Beryl got dressed and went up on the deck again. She could smell the sea along with the subtle musky scent she knew so well. Sitting in the half-dusk, she could not see how many bears were out there. She could only vaguely make out their lumbering shadows below. They paced in and out of the dark around the bus, looking up at its windows. They leaned against its sides and stretched upward with their paws. They crawled under one side and came out the other. One bear at the back of the bus spotted her and crouched repeatedly, swaying its head up and down to gauge perspective and distance. When it jumped, she simply held her breath. The animal hit the bus somewhere below her. The entire bus resonated. The bear staggered away, dazed.

The bears seemed to be more daring out here, as if they knew, away from town, that humans were the trespassers. Perhaps also, Beryl thought, the bears that went into town were the weaker ones, the ones who needed an easier meal from the dump or an abandoned house. The bears here had never scrounged for food, had never run from an encounter with a human, had never been darted with a tranquillizer and handled like interesting merchandise. These bears were the real things.

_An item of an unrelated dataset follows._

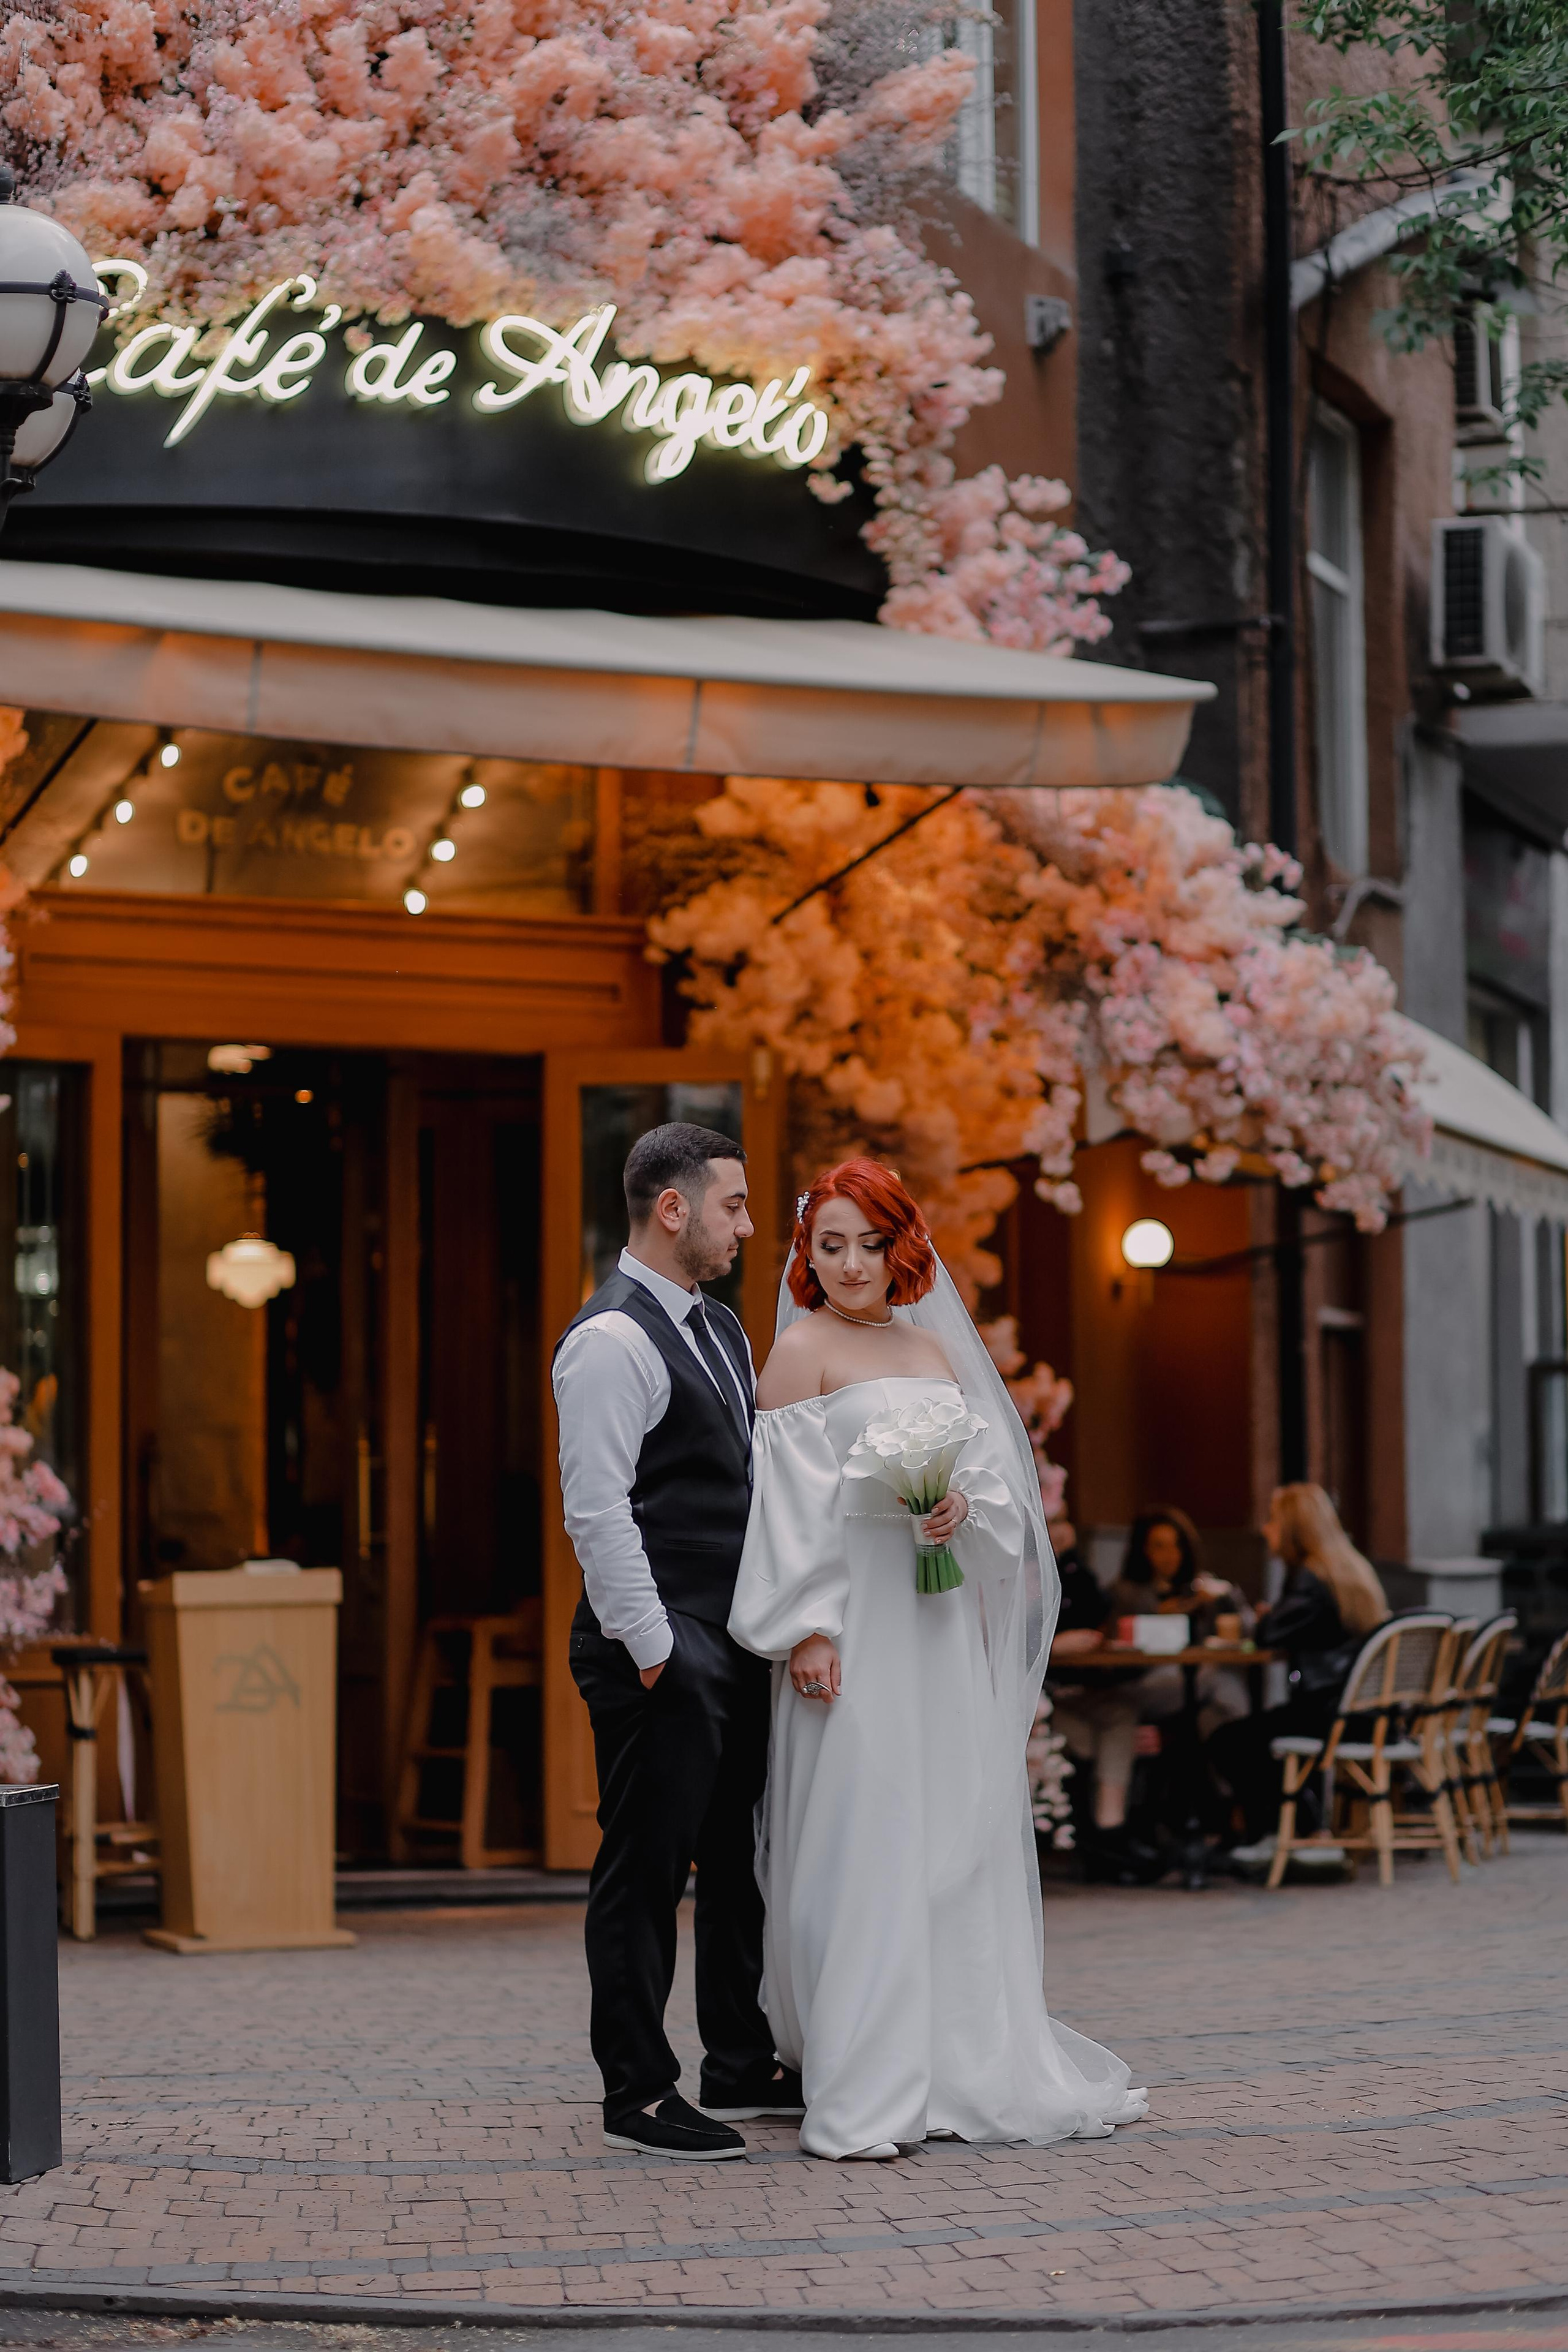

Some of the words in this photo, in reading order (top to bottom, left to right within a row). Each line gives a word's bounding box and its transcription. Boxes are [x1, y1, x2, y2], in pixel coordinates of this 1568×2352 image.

Jean-Claude came up to the observation deck. He sat
down beside her, his shoulder against hers. “David found some canned pears. He's making tarts for dessert. Dinner's almost ready,” he said. She enjoyed the feeling of weight and warmth against her shoulder. “This is strange for me,” he said, “being out here in a heated bus. Before I've always been on a snowmobile or sled.”

She couldn't imagine slogging forward through this white desert, dogs yipping, throwing themselves against the harness. Without landmarks, she couldn't imagine picking any one place to bed down at night. Or see herself lying there, listening to herself and her dogs breathe upward, the only movement audible for miles.